After the initial phase of injury, early inflammation is followed by the infiltration of circulating immune cells (T- and B-cells) attracted by cytokines and damage-associated molecular patterns (DAMPs) released by injured cells [27]. While interacting with activated monocytes/macrophages, injured TECs, and endothelial cells, DAMPs participate in the development of a pro-fibrotic milieu which activates pericytes to proliferate and evolve into myofibroblasts, thereby inducing matrix deposition, renal fibrosis, and CKD [70]. In contrast, a subset of regulatory T-cells (Treg) may act like self-tolerance inducers and suppress inflammation by enhancing immune homeostasis [71]. Together with their positive effects, Treg depletion has been shown to aggravate ischemic AKI [72]. Interestingly, the protective role of CD4+ and CD8+ T-cells in a murine model of toxic nephropathy (aristolochic acid nephropathy) has recently been described after treatment with selective monoclonal antibodies [73]. Concerning B-cells, immunoglobulins production, antigen presentation, and subsequent complement activation have been described as possible contributors to the progression from acute to chronic renal injury [74].
2.3. Fibrosis
Several obstructive, ischemia-reperfusion and nephrotoxic animal models have investigated the link between AKI and CKD by focusing on the development of interstitial fibrosis [31,32,33]. Myofibroblasts, whether derived from activated resident fibroblasts or from pericytes, are responsible for extracellular matrix (ECM) production, with the deposition of collagens, fibronectins and other glycoproteins, which, together with TGF-β, contribute to fibrosis [32,75]. The expression of α-smooth muscle actin (α-SMA), usually confined to the vascular compartment, and platelet-derived growth factor receptor-β (PDGFR-β), identifies these cells in the interstitium of injured kidneys [75]. A number of studies have consistently linked peritubular capillaries rarefaction, pericytes detachment, interstitial hypoxia and tubular epithelial injury as triggers of renal fibrosis [21,50]. In particular, whereas an ischemic injury could be responsible for capillary rarefaction and pericyte detachment, pericyte loss could be a trigger for endothelial damage and capillary rarefaction followed by tubular epithelial injury and fibrosis [50]. Though the severity of interstitial fibrosis in renal biopsies has been recognized as the major prognostic factor for CKD/ESRD, fibrosis has been considered a self-sustaining process [76], and a causal relationship between ECM deposition, fibrosis and chronic kidney injury has not yet been identified.

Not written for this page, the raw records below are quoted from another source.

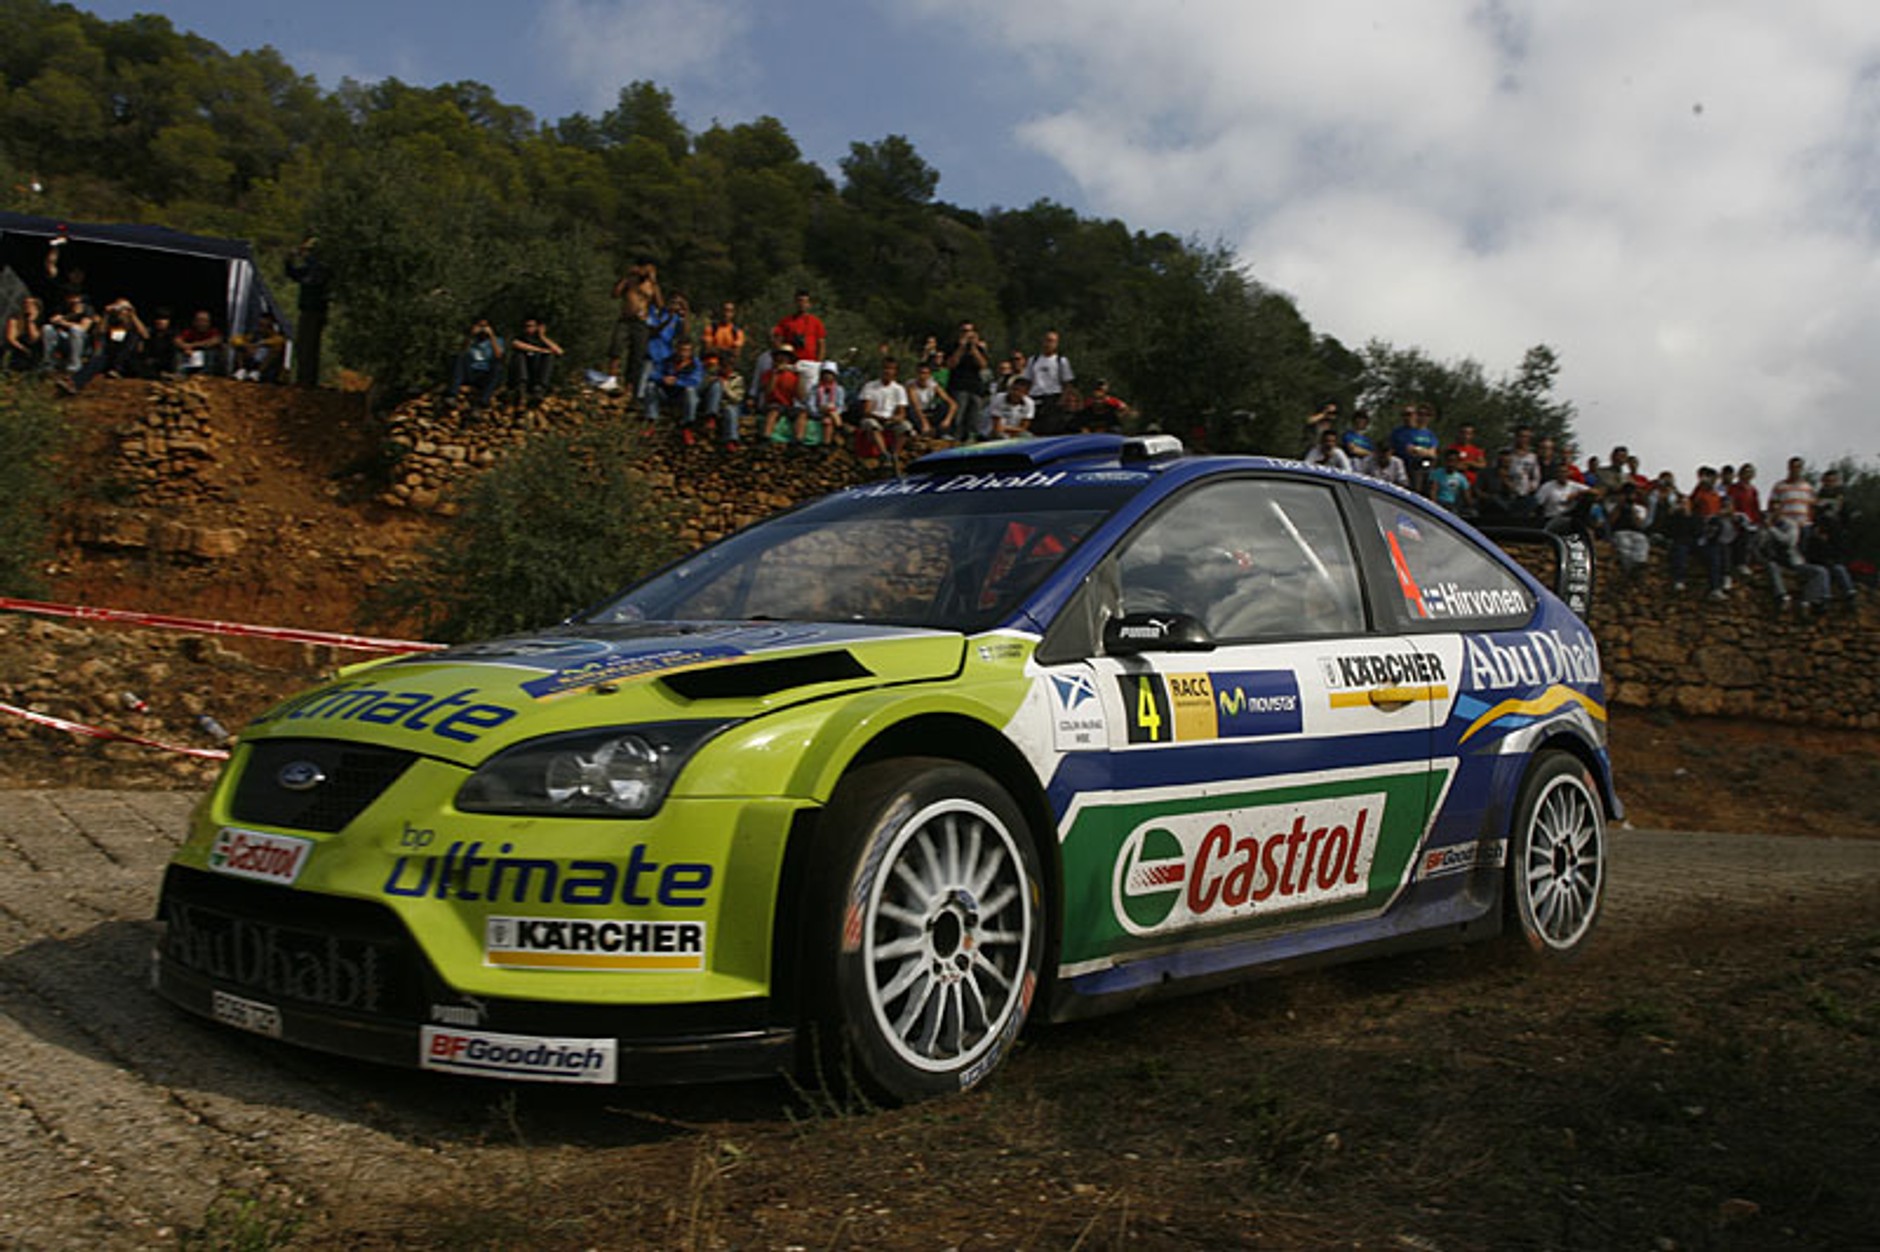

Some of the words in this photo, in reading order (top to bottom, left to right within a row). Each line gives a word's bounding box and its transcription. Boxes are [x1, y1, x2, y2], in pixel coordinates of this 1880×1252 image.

[1438, 582, 1528, 616] Hirvonen
[1337, 653, 1447, 687] KÄRCHER
[1464, 631, 1541, 690] Abu
[1170, 678, 1210, 697] RACC
[1137, 676, 1161, 741] 4
[401, 821, 435, 847] bp
[228, 835, 302, 878] Castrol
[384, 841, 713, 907] ultimate
[1188, 808, 1367, 914] Castrol
[516, 920, 701, 952] KÄRCHER
[430, 1033, 604, 1070] BFGoodrich
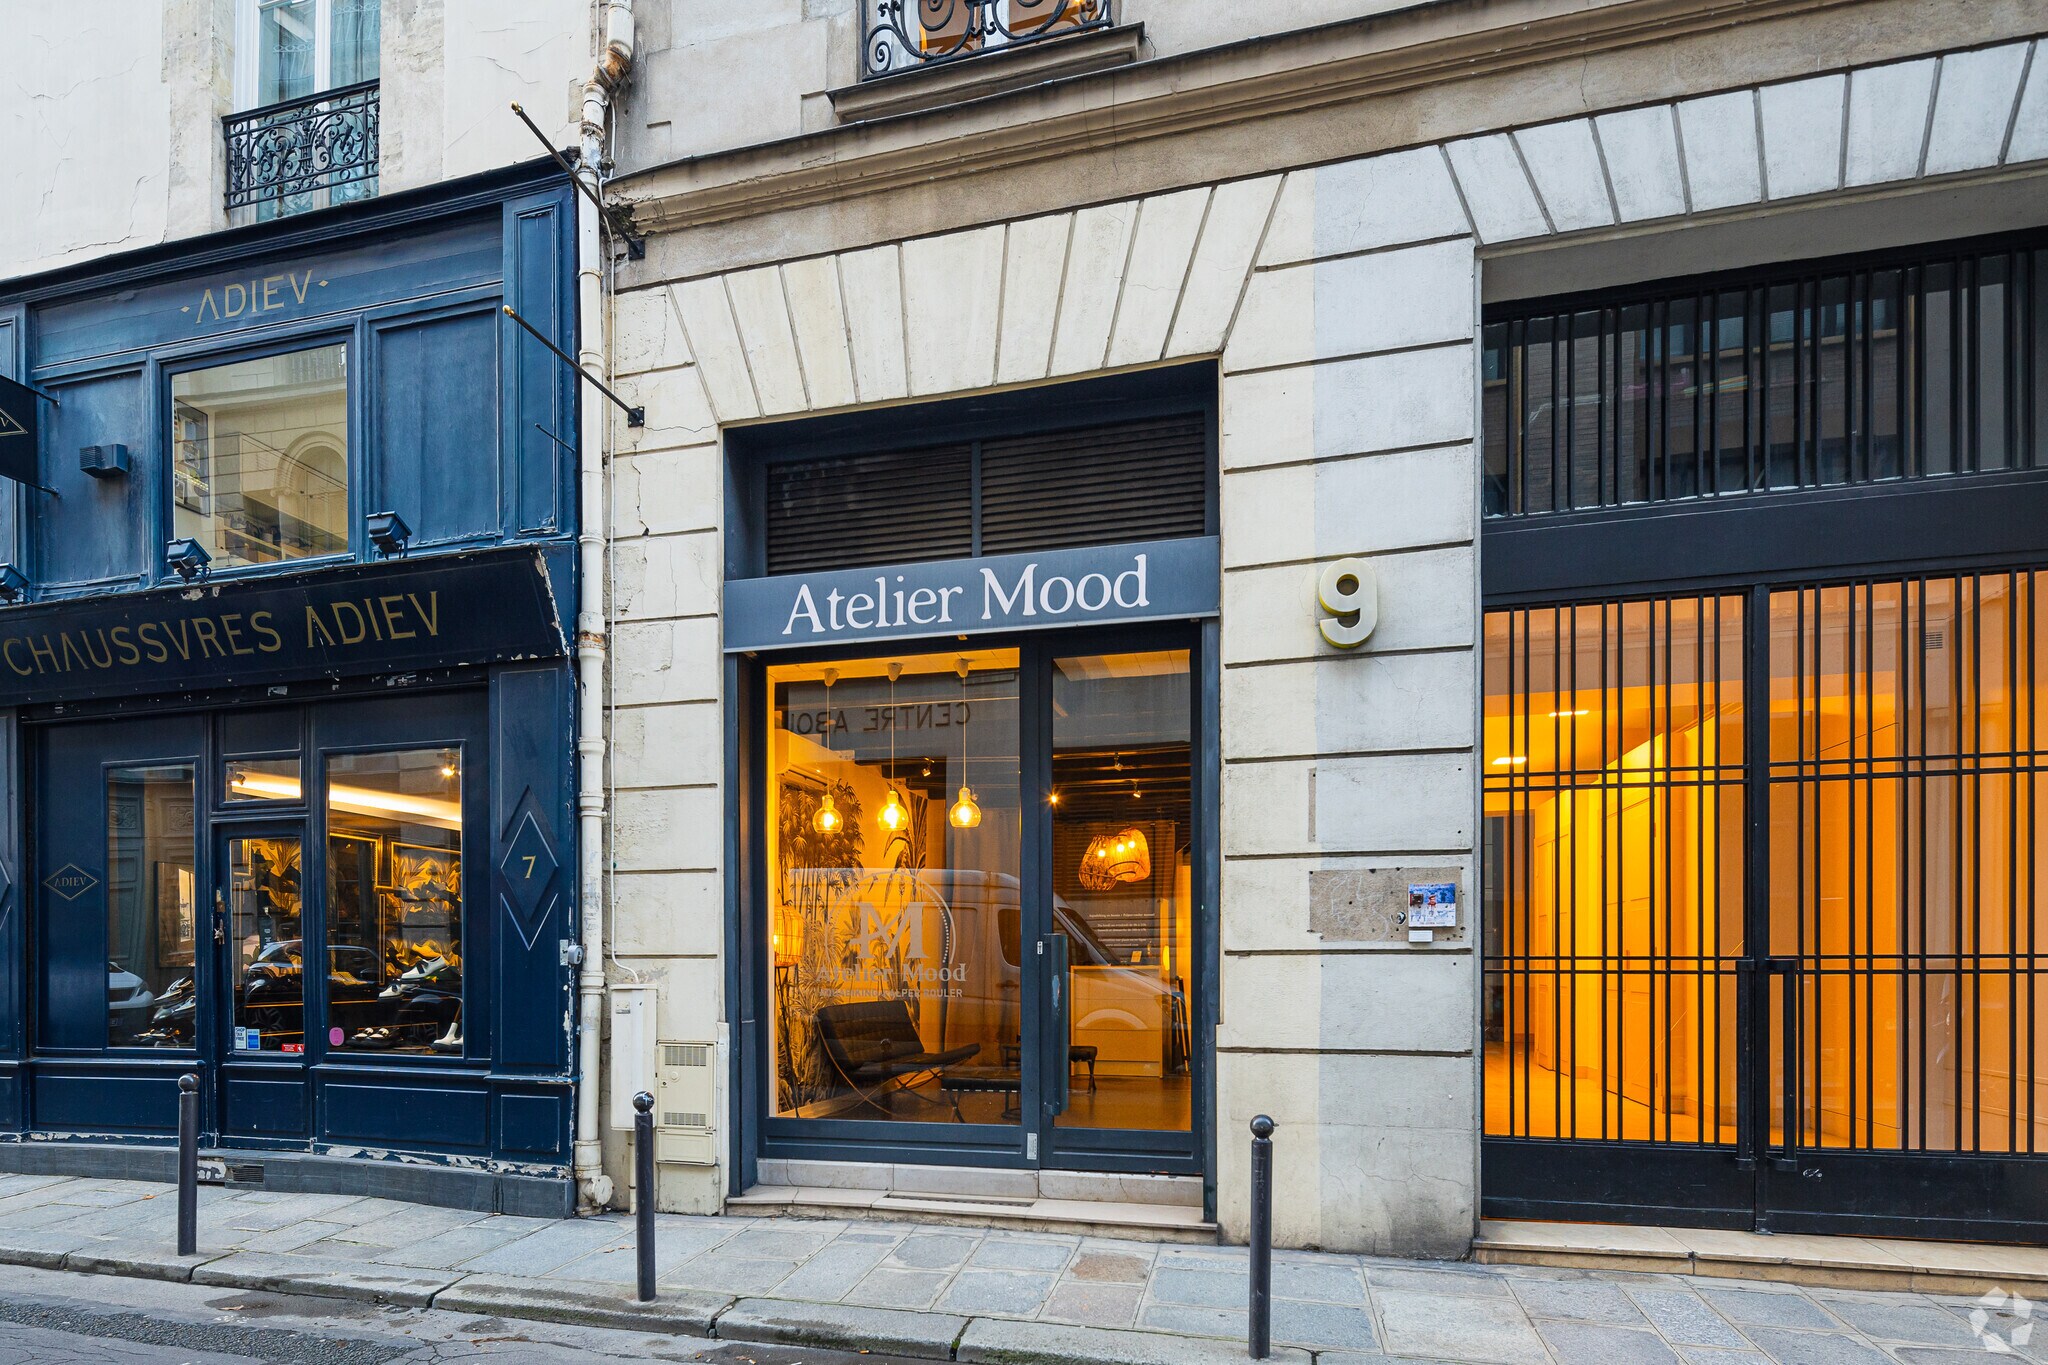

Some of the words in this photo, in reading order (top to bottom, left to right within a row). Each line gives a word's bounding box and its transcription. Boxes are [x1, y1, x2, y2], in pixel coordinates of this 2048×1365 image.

[782, 576, 963, 635] Atelier
[979, 553, 1150, 621] Mood
[1318, 557, 1379, 649] 9
[521, 855, 537, 879] 7
[817, 961, 893, 982] Atelier
[902, 963, 967, 982] Mood
[924, 988, 963, 998] ROULER
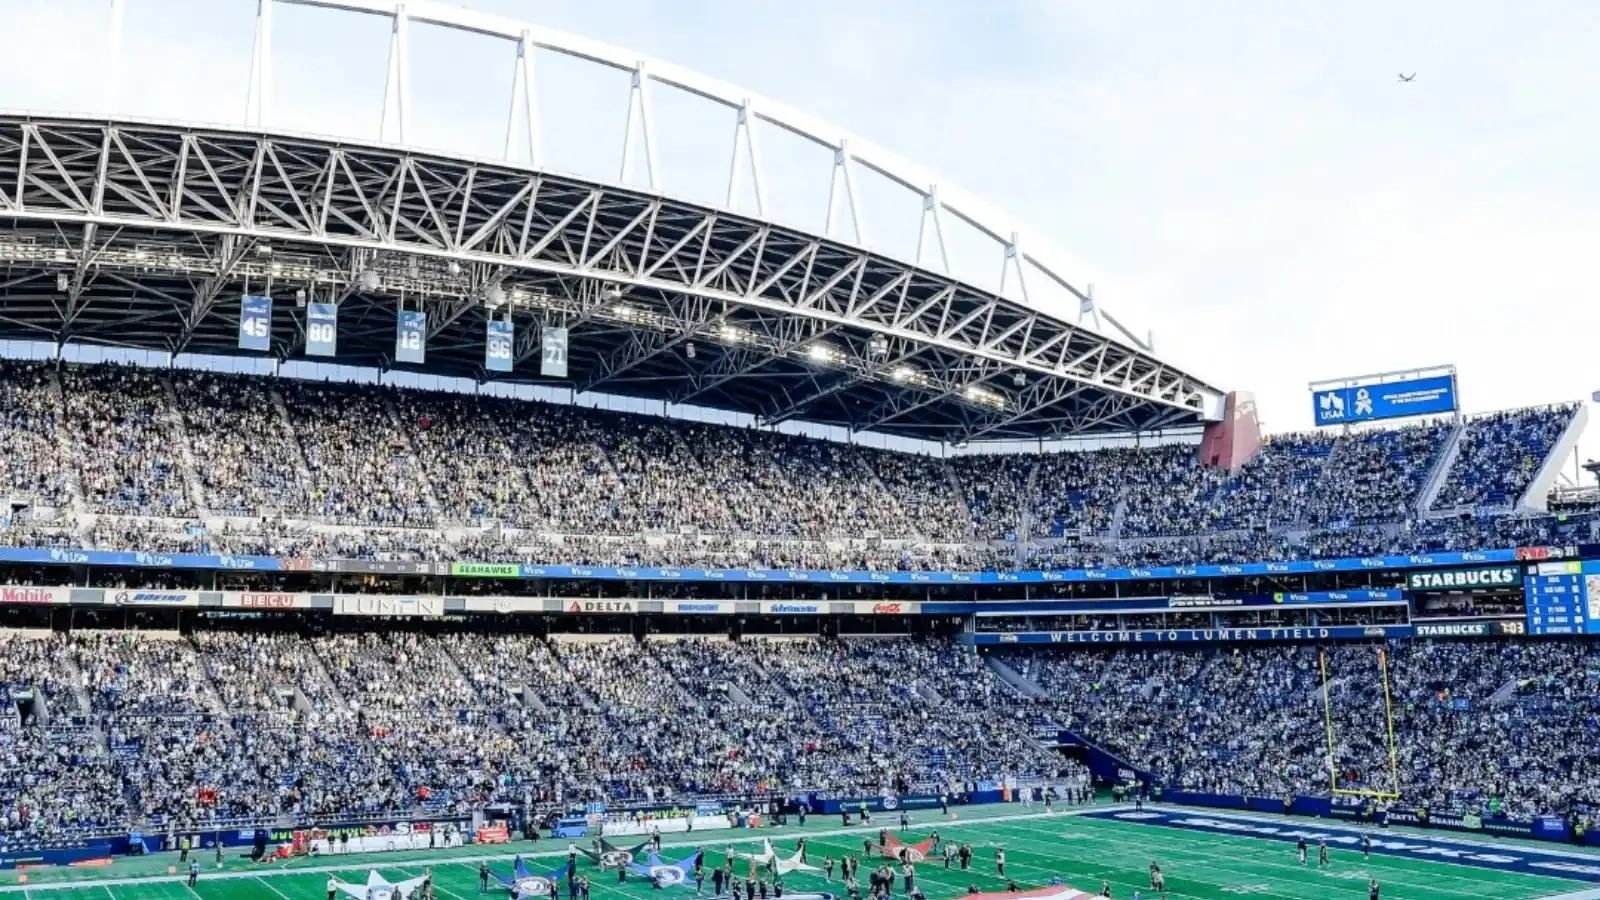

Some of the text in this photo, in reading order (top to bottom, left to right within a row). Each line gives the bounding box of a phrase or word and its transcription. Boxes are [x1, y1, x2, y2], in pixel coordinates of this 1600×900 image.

[243, 317, 268, 337] 45
[310, 323, 334, 343] 80
[401, 331, 420, 350] 12
[489, 341, 511, 359] 96
[546, 346, 563, 364] 71
[1320, 409, 1344, 420] USAA
[459, 566, 513, 574] SEAHAWKS
[1411, 569, 1513, 587] STARBUCKS
[2, 589, 52, 601] Mobile
[133, 593, 187, 602] BOEING
[243, 595, 292, 606] BECU
[585, 602, 632, 611] DELTA
[1417, 625, 1484, 635] STARBUCKS
[1501, 622, 1523, 633] 7:03
[1051, 629, 1328, 642] WELCOME TO LUMEN FIELD
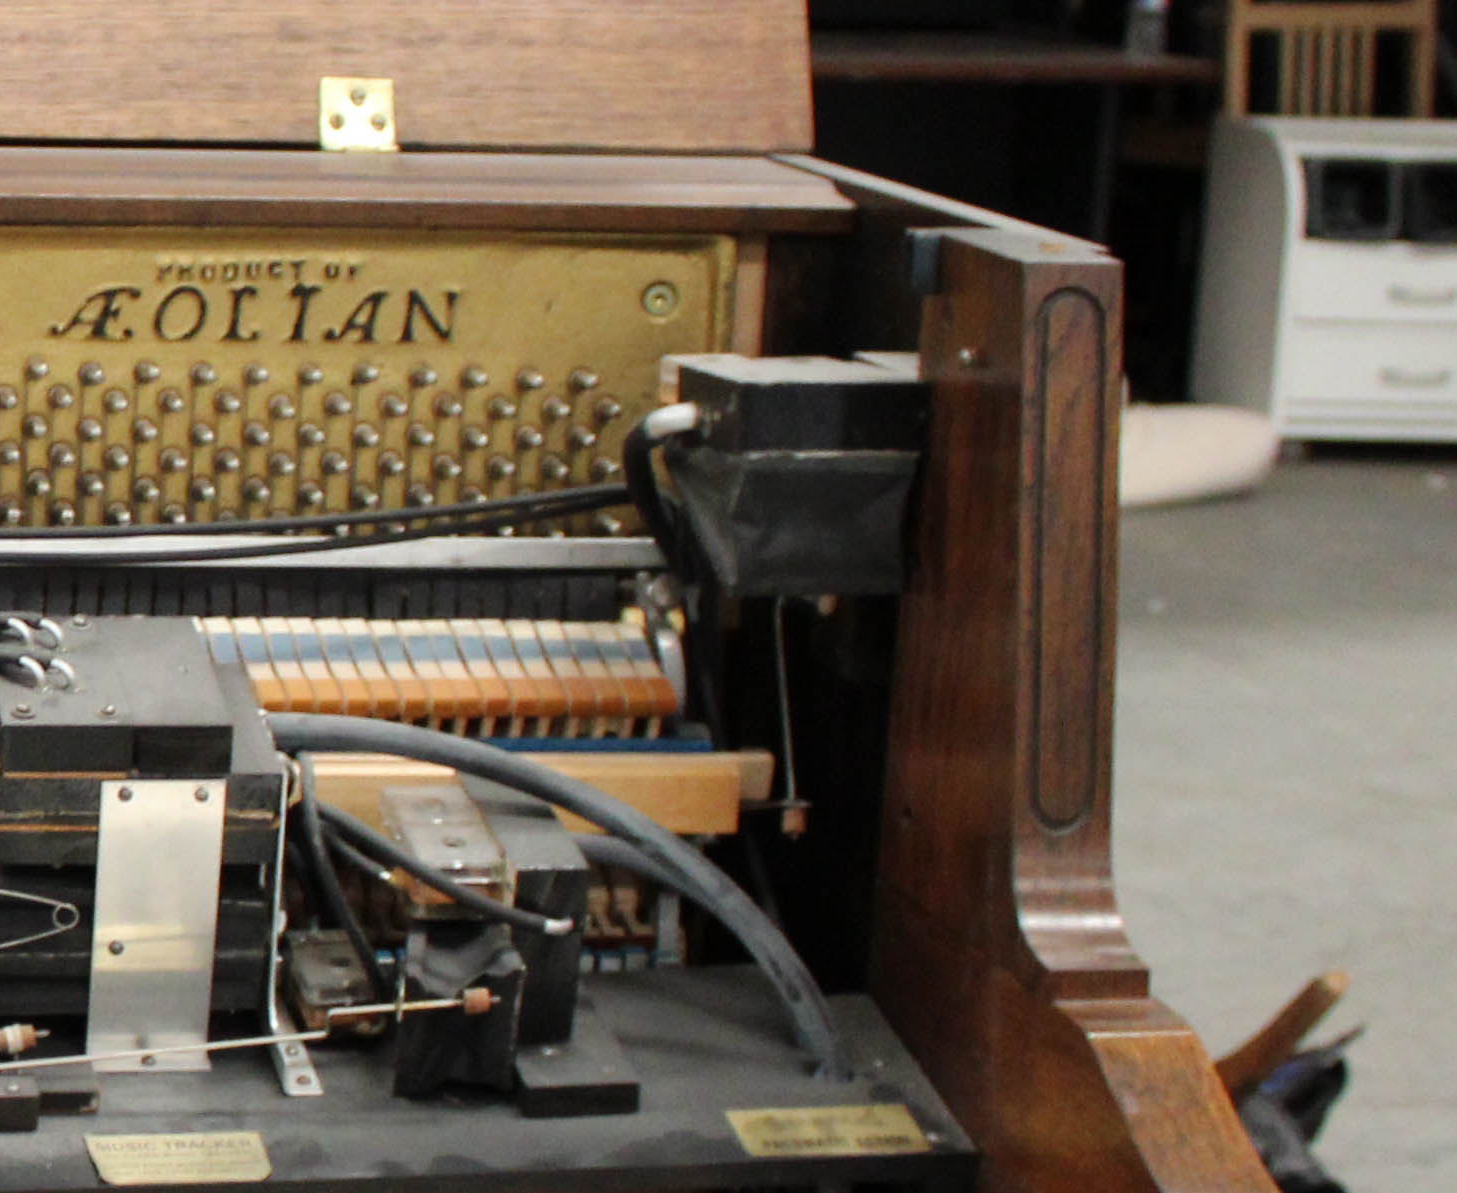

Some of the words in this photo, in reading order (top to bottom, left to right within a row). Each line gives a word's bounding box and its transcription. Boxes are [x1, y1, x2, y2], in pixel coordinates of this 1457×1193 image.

[156, 260, 308, 283] PRODUCT
[324, 264, 359, 281] OF
[46, 284, 464, 343] ÆOLIAN
[95, 1141, 151, 1151] MUSIC
[164, 1140, 252, 1150] TRACKER

Recent studies have suggested that fibrosis could also be beneficial for the healing processes [34]. During repair from experimental AKI, tubules that fail to recover become atrophic, and fibrosis surrounds them in well-demarcated areas that separate the injured parenchyma from restored or not injured tubules [34]. In this view, fibrosis is itself essentially a self-limiting repair process that restricts injury, and it is not autonomously progressive. Indeed, many other experimental data do not support a major role of self-perpetuating tubulointerstitial fibrosis in the transition from AKI to CKD and highlight that progressive renal fibrosis requires additional injuries—unless primary interstitial disease is itself the triggering factor for fibrosis [23,77]. Recently, in a transgenic mouse model expressing diphtheria toxin receptor on renal fibroblasts, Nakamura et al. showed that fibroblasts depletion could worsen the expression of tubular injury markers, with a marked increase after unilateral ureteral obstruction [33]. While the transition of resident fibroblasts to myofibroblasts has been described to trigger fibrosis [78], myofibroblasts can also acquire retinoic acid-production ability—lost by the injured tubular epithelial cells—supporting epithelial integrity and repair [33] and dampening pro-inflammatory macrophages [64]. In the aged kidney, the ability of resident fibroblasts to support repair is less pronounced [79].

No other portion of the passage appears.